Crypto industry leaders are currently working on a counterproposal to push for some changes in the CLARITY Act after firms like Coinbase opposed the stablecoin yield compromise. This move comes just as the Senate prepares to release the draft text of the crypto bill, with markup likely to take place in April.

Crypto Leaders Pushing For Changes In CLARITY Act

In an X post, crypto journalist Eleanor Terrett, citing Coinbase’s Global Head of Investment Research, David Duong, said that industry leaders are currently working on a coordinated counterproposal. They aim to use this counterproposal to explain why the crypto bill needs some changes to protect consumers and preserve sustainable rewards programs.

This move comes after Coinbase opposed the stablecoin yield compromise, which imposes a broad ban on how crypto firms can distribute stablecoin rewards to customers. Notably, it bans rewards and idle balances, permitting only activity-based rewards that are not comparable to bank deposit interest.

Meanwhile, Terrett revealed that Senator Thom Tillis’ office plans to publicly release the draft next week detailing stablecoin yield and rewards provisions, even as talks with stakeholders continue. Senator Tillis and Senator Angela Alsobrooks reached a deal with the White House last week to include language in the CLARITY Act to resolve the clash between banks and the crypto industry over stablecoin rewards.

As CoinGape reported earlier today, Senator Tim Scott, the Chair of the Senate Banking Committee, highlighted the crypto bill’s progress. This came as he revealed that the White House, Republicans, and Democrats are working together on language that both parties agree on to pass the CLARITY Act.

Senator Lummis Addresses DeFi Protections In Crypto Bill

Pro-crypto Senator Cynthia Lummis addressed speculation that the CLARITY Act contained provisions that undermined the Blockchain Regulatory Certainty Act (BRCA), which protects developers and provides safeguards for decentralized finance (DeFi).

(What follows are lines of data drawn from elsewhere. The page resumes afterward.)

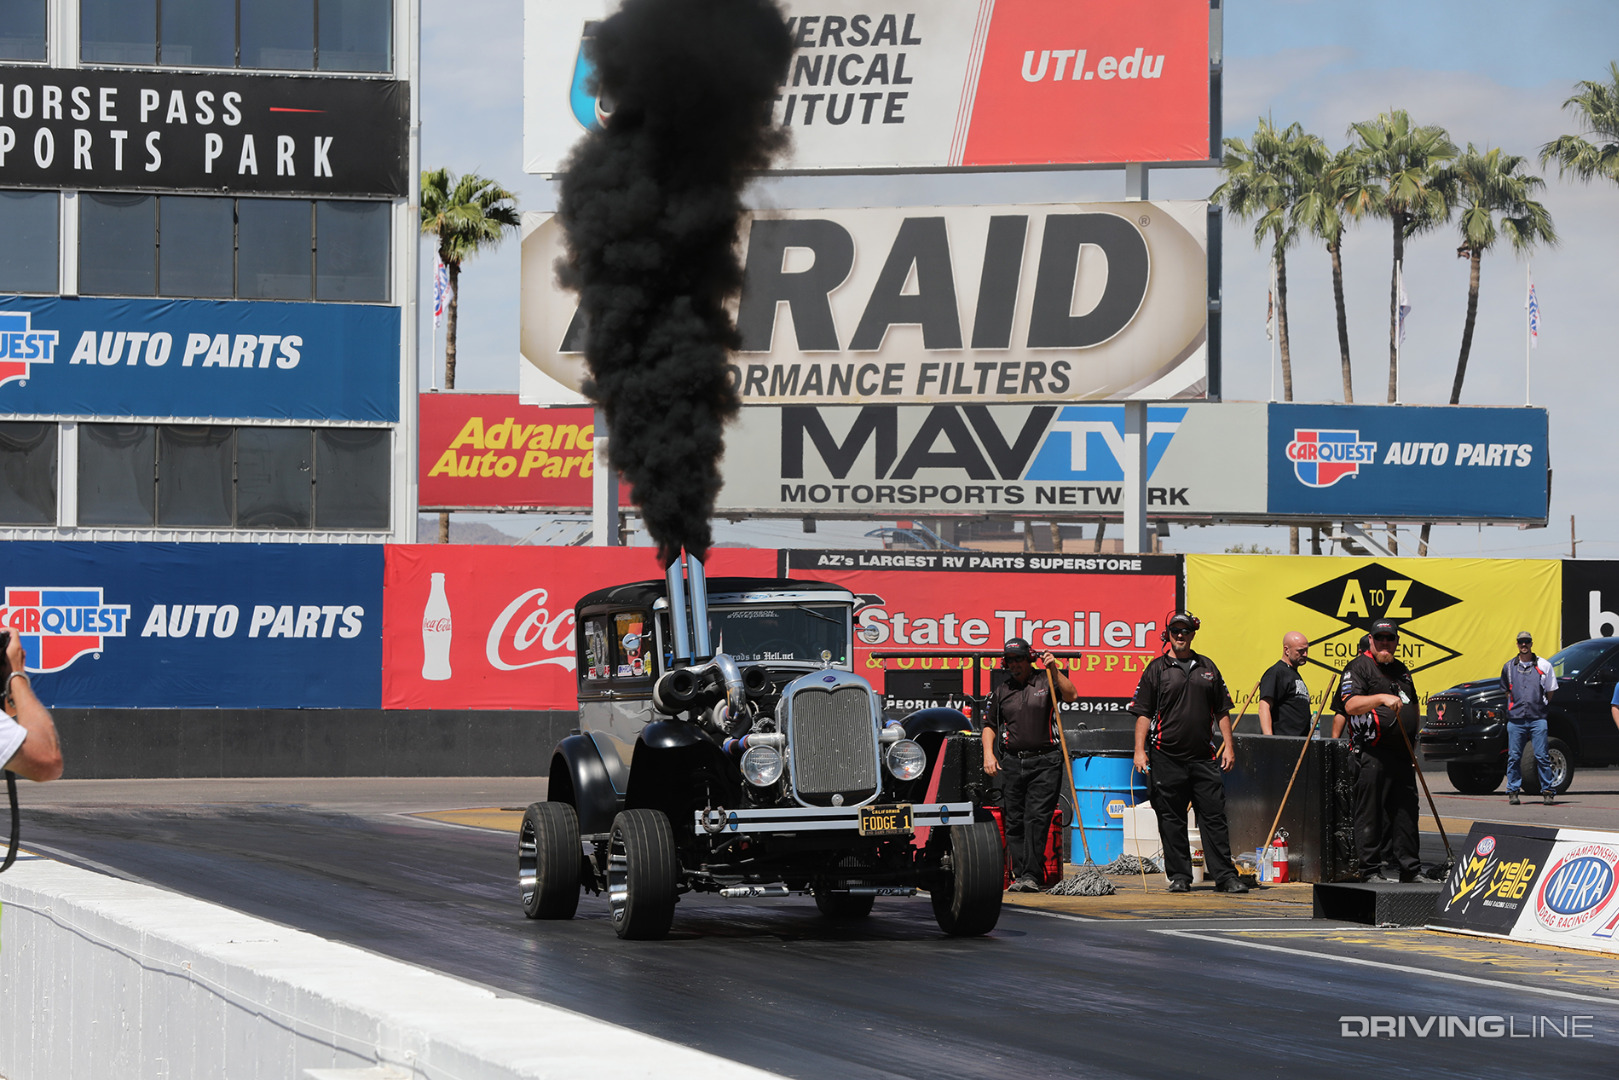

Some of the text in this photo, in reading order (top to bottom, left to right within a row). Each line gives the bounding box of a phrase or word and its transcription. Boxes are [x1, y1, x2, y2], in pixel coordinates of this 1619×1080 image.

[779, 53, 913, 86] NICAL
[1021, 48, 1164, 82] UTI.edu
[0, 83, 242, 126] ORSE PASS
[205, 133, 333, 177] PARK
[69, 331, 303, 369] AUTO PARTS
[916, 360, 1072, 396] FILTERS
[449, 416, 594, 450] Advanc
[428, 450, 594, 478] Auto Part
[1288, 443, 1375, 462] CARQUEST
[1383, 442, 1533, 467] AUTO PARTS
[781, 484, 1190, 506] MOTORSPORTS NETWRK
[818, 554, 1142, 571] AZ's LARGEST RV PARTS SUPERSTORE
[1336, 579, 1369, 618] A
[1383, 579, 1413, 618] Z
[0, 608, 127, 634] CARQUEST
[141, 604, 364, 639] AUTO PARTS
[857, 608, 1155, 649] State Trailer
[863, 815, 911, 831] FODGE 1
[1564, 845, 1618, 864] CHAMPIONSHIP
[1548, 860, 1609, 910] NHRA
[1539, 906, 1556, 926] DRAG
[1556, 912, 1589, 928] RACING
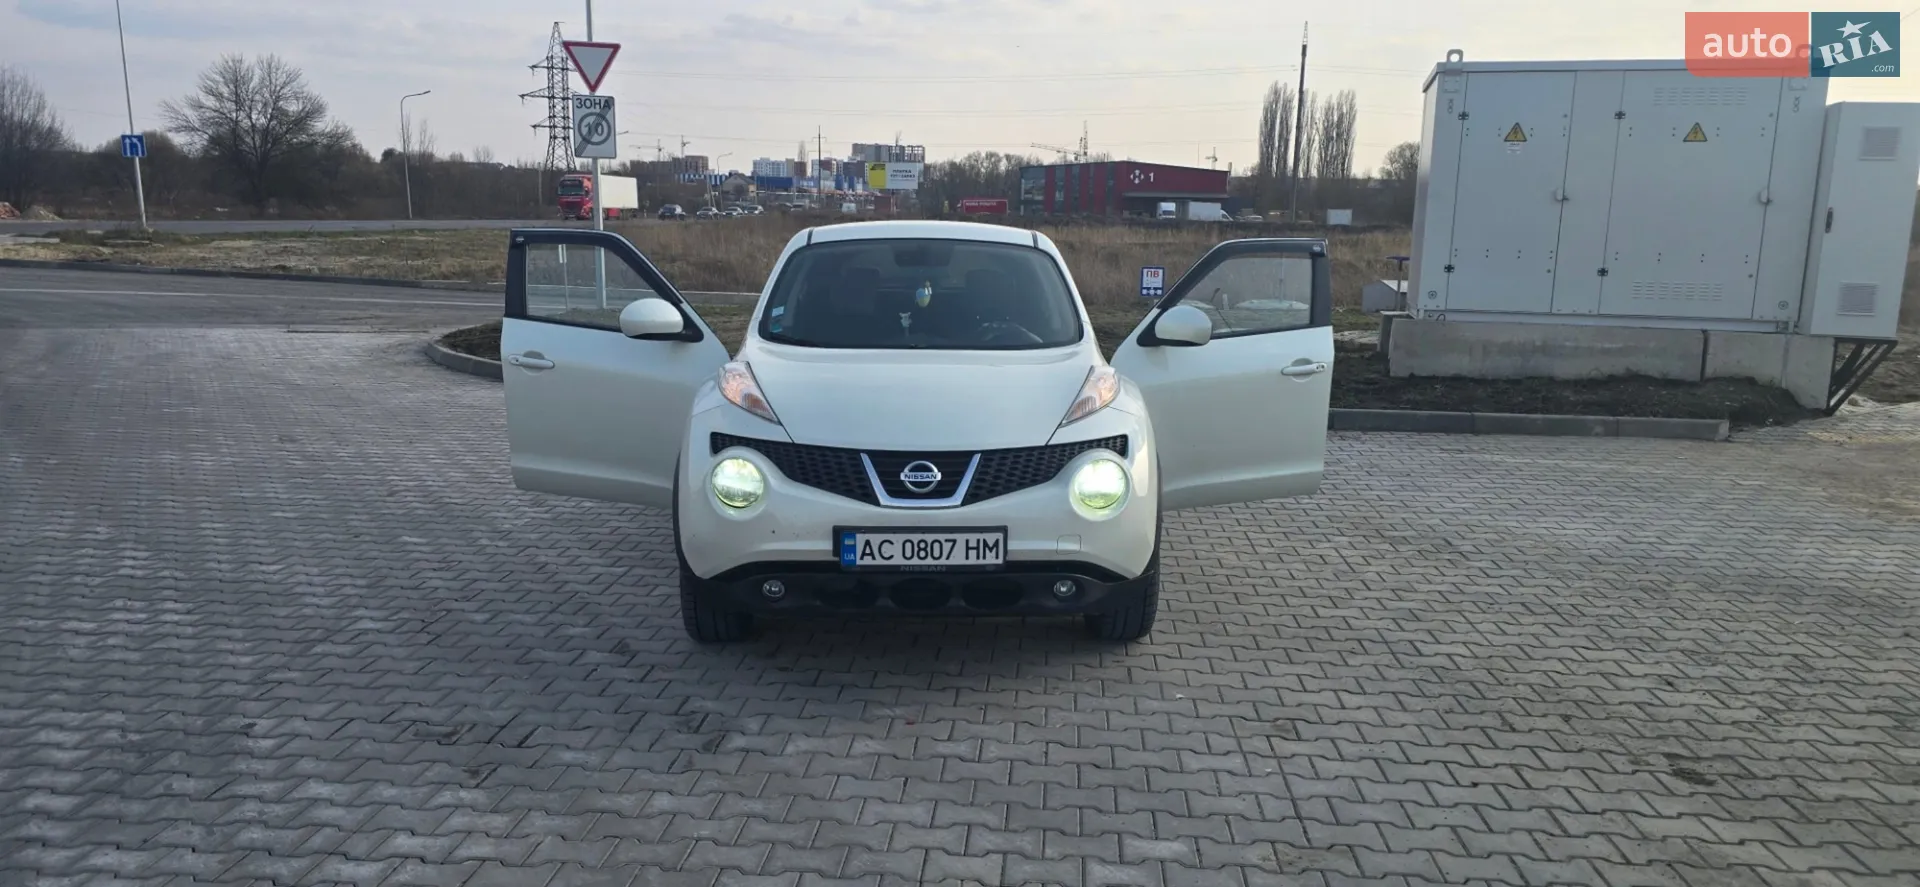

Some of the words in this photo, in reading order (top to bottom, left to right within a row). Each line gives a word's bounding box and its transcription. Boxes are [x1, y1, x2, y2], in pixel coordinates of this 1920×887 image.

[575, 98, 611, 109] ЗОНА
[584, 122, 605, 136] 10
[1149, 172, 1154, 182] 1
[859, 539, 894, 560] AC
[902, 539, 957, 560] 0807
[965, 538, 1000, 560] HM
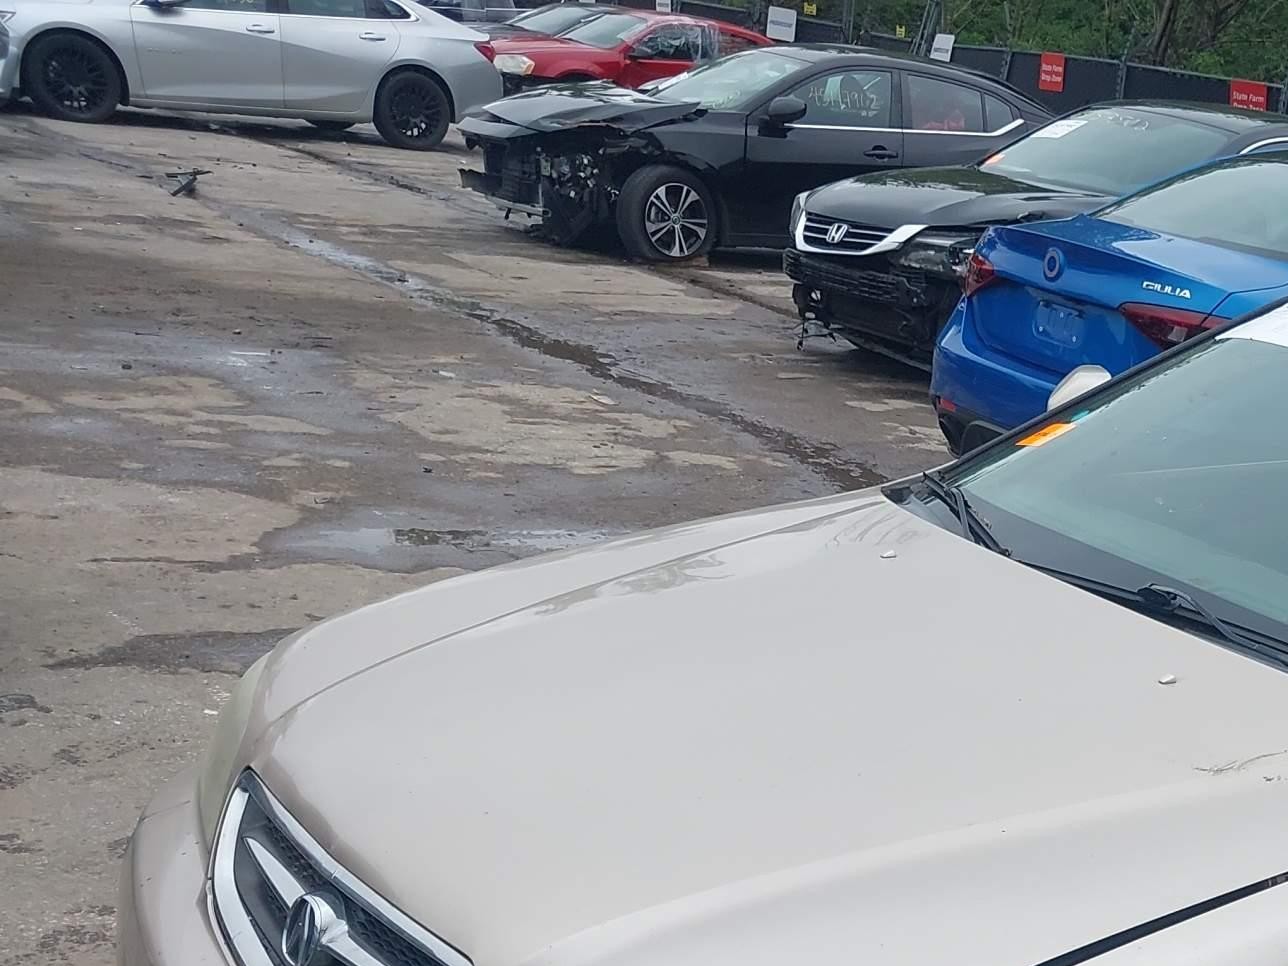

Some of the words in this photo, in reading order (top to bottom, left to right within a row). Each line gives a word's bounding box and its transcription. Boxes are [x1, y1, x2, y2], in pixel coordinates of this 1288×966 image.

[1233, 91, 1248, 101] State
[1249, 93, 1265, 103] Farm
[1142, 281, 1192, 299] GIULIA
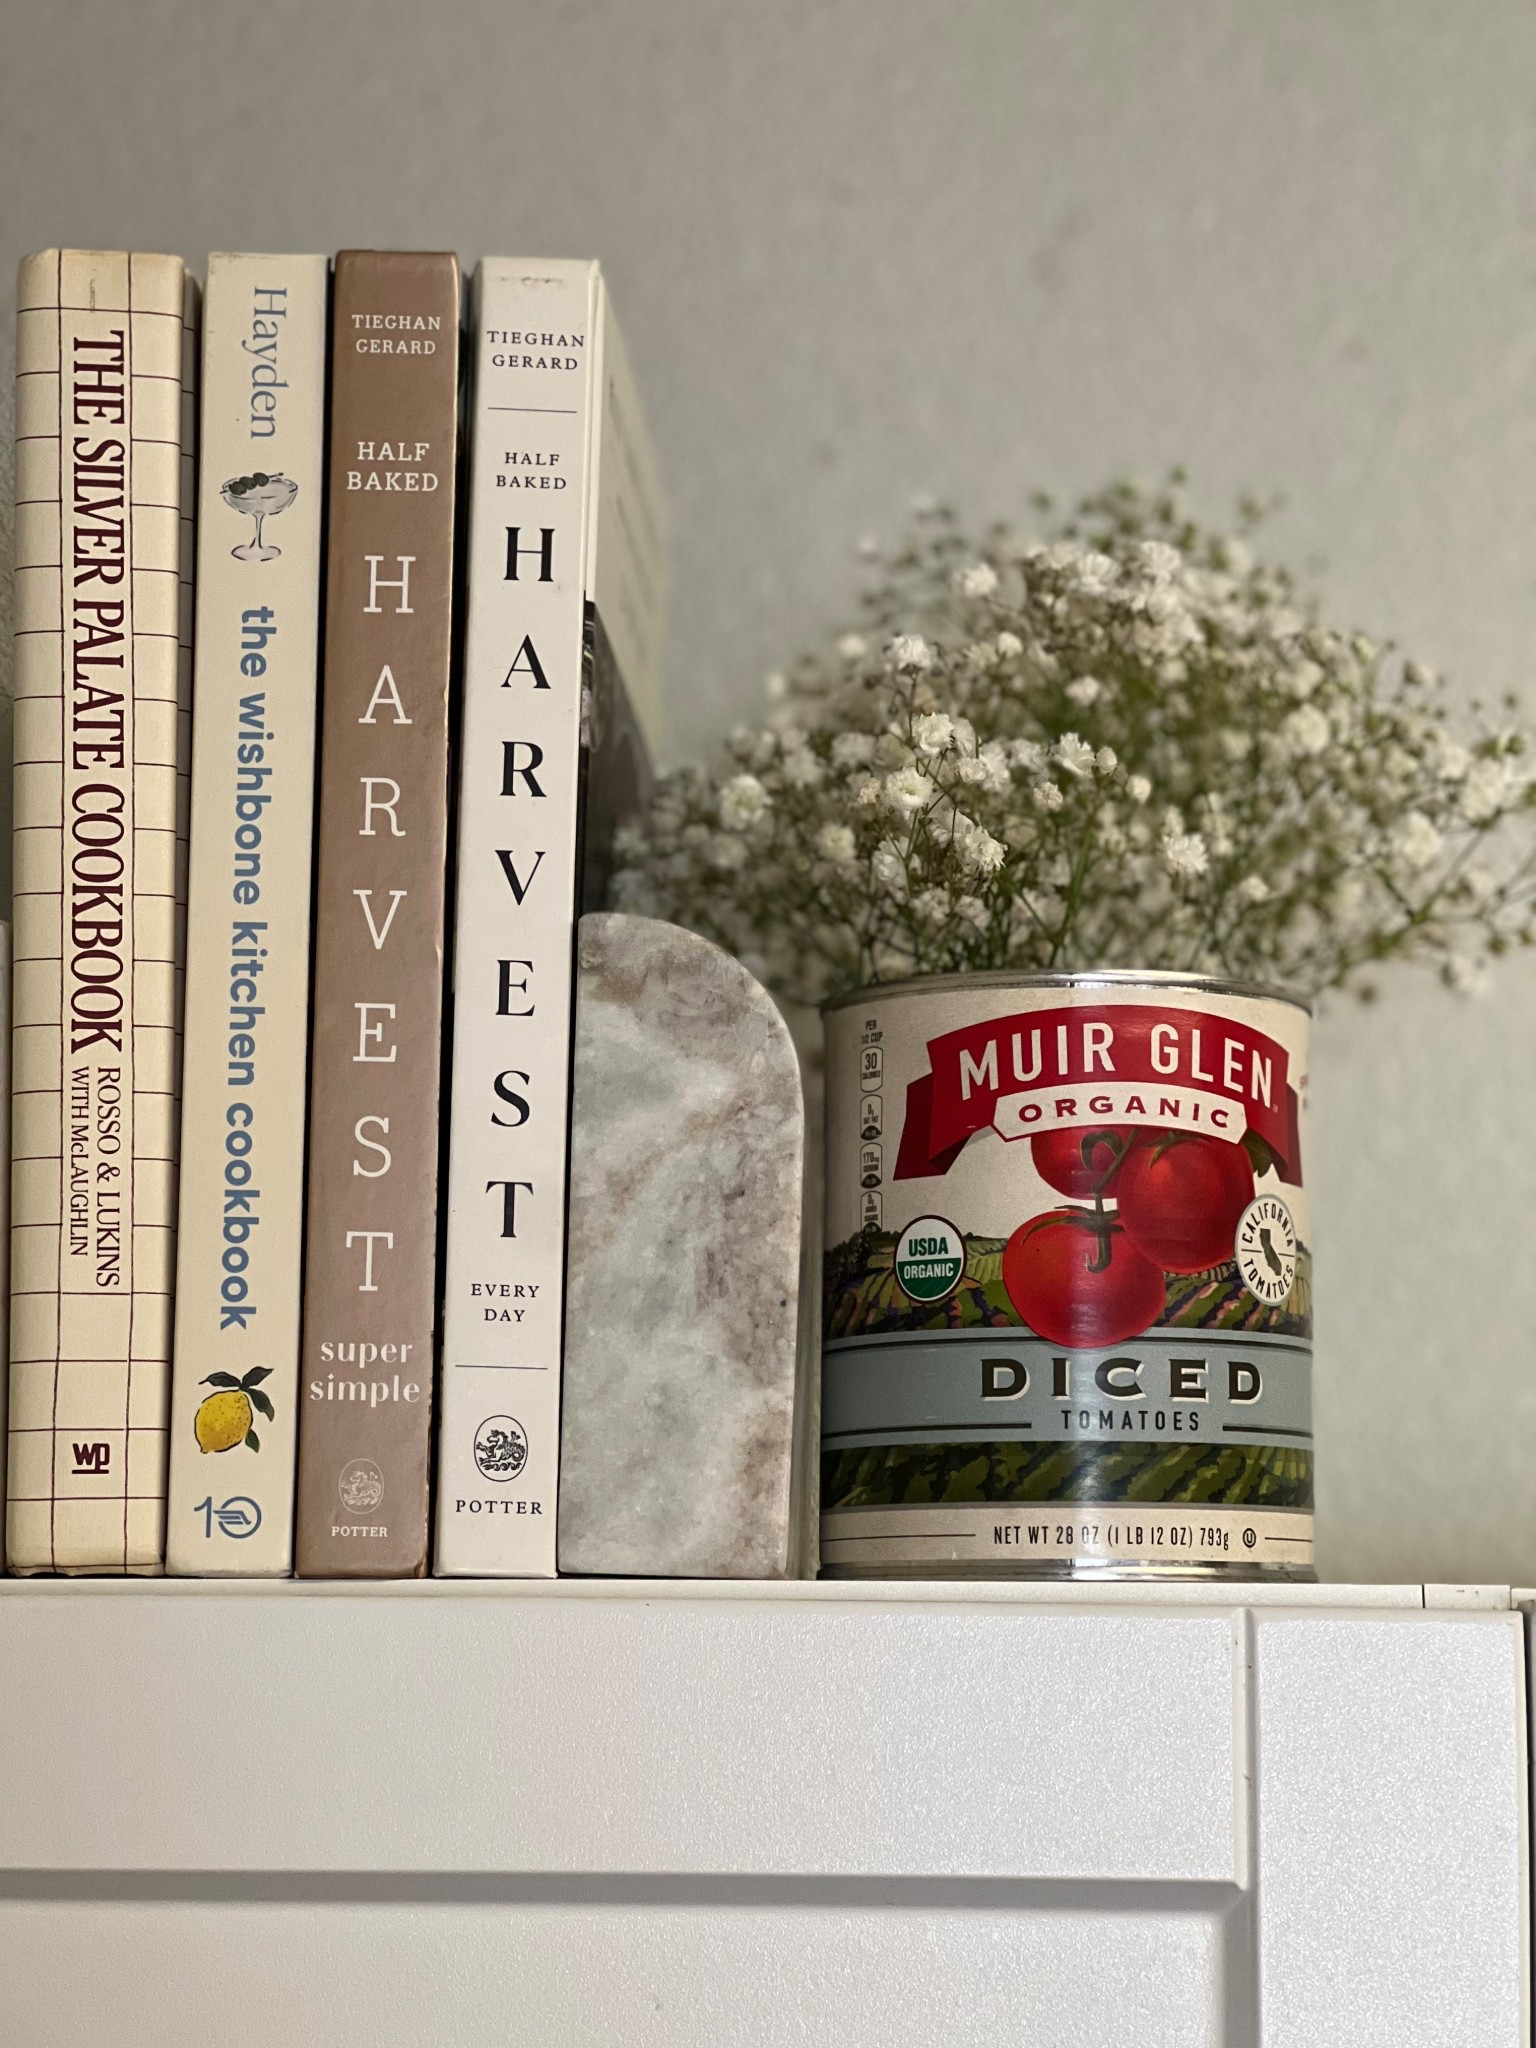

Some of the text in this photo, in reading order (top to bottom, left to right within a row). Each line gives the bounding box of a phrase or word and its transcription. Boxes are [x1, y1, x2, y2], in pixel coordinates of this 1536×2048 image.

[351, 314, 442, 331] TIEGHAN
[355, 338, 437, 356] GERARD
[486, 329, 586, 349] TIEGHAN
[242, 286, 290, 440] Hayden
[491, 353, 579, 372] GERARD
[356, 441, 430, 462] HALF
[504, 451, 560, 467] HALF
[346, 471, 439, 492] BAKED
[495, 474, 567, 491] BAKED
[70, 330, 126, 1055] THE SILVER PALATE COOKBOOK
[485, 526, 556, 1238] HARVEST
[346, 555, 416, 1292] HARVEST
[219, 605, 278, 1331] the wishbone kitchen cookbook
[865, 1020, 877, 1031] PER
[870, 1031, 884, 1043] CUP
[865, 1052, 878, 1070] 30
[959, 1022, 1272, 1109] MUIR GLEN
[1018, 1095, 1230, 1129] ORGANIC
[70, 1066, 89, 1256] WITH McLAUGHLIN
[96, 1066, 121, 1288] ROSSO & LUKINS
[1241, 1202, 1294, 1248] CALIFORNIA
[908, 1236, 949, 1257] USDA
[903, 1262, 954, 1280] ORGANIC
[1243, 1258, 1294, 1299] TOMATOES
[470, 1283, 541, 1299] EVERY
[483, 1308, 526, 1323] DAY
[319, 1340, 414, 1370] super
[309, 1372, 421, 1408] simple
[979, 1357, 1263, 1405] DICED
[1061, 1409, 1200, 1432] TOMATOES
[455, 1499, 544, 1515] POTTER
[331, 1525, 388, 1539] POTTER
[994, 1525, 1021, 1544] NET
[1028, 1525, 1049, 1545] WT
[1056, 1525, 1074, 1545] 28
[1081, 1525, 1099, 1545] OZ
[1107, 1524, 1120, 1547] (1
[1126, 1526, 1144, 1545] LB
[1150, 1526, 1164, 1546] 12
[1170, 1526, 1193, 1547] OZ)
[1199, 1527, 1229, 1550] 793g

She urged market participants not to believe the FUD, stating that they have been working on a bipartisan basis over the last few weeks to make changes to Title 3, thereby making the crypto bill the “strongest protection for DeFi and developers.” We have to pass the Clarity Act to get these protections.

Senator Lummis had also earlier stated that a bipartisan compromise was necessary for the CLARITY Act to pass. She further remarked that they are working around the clock to ensure that stablecoin rewards are protected and to prevent deposit flight from community banks. “America’s financial future is at stake now— we can’t wait until 2030 for another chance,” she added.

It is worth noting that the odds of Trump signing the bill into law this year have dropped to 59%, according to Polymarket data. Optimism is once again fading as banks and the crypto industry have yet to reach a compromise on the latest draft, potentially delaying the crypto bill’s markup, which is expected to take place next month.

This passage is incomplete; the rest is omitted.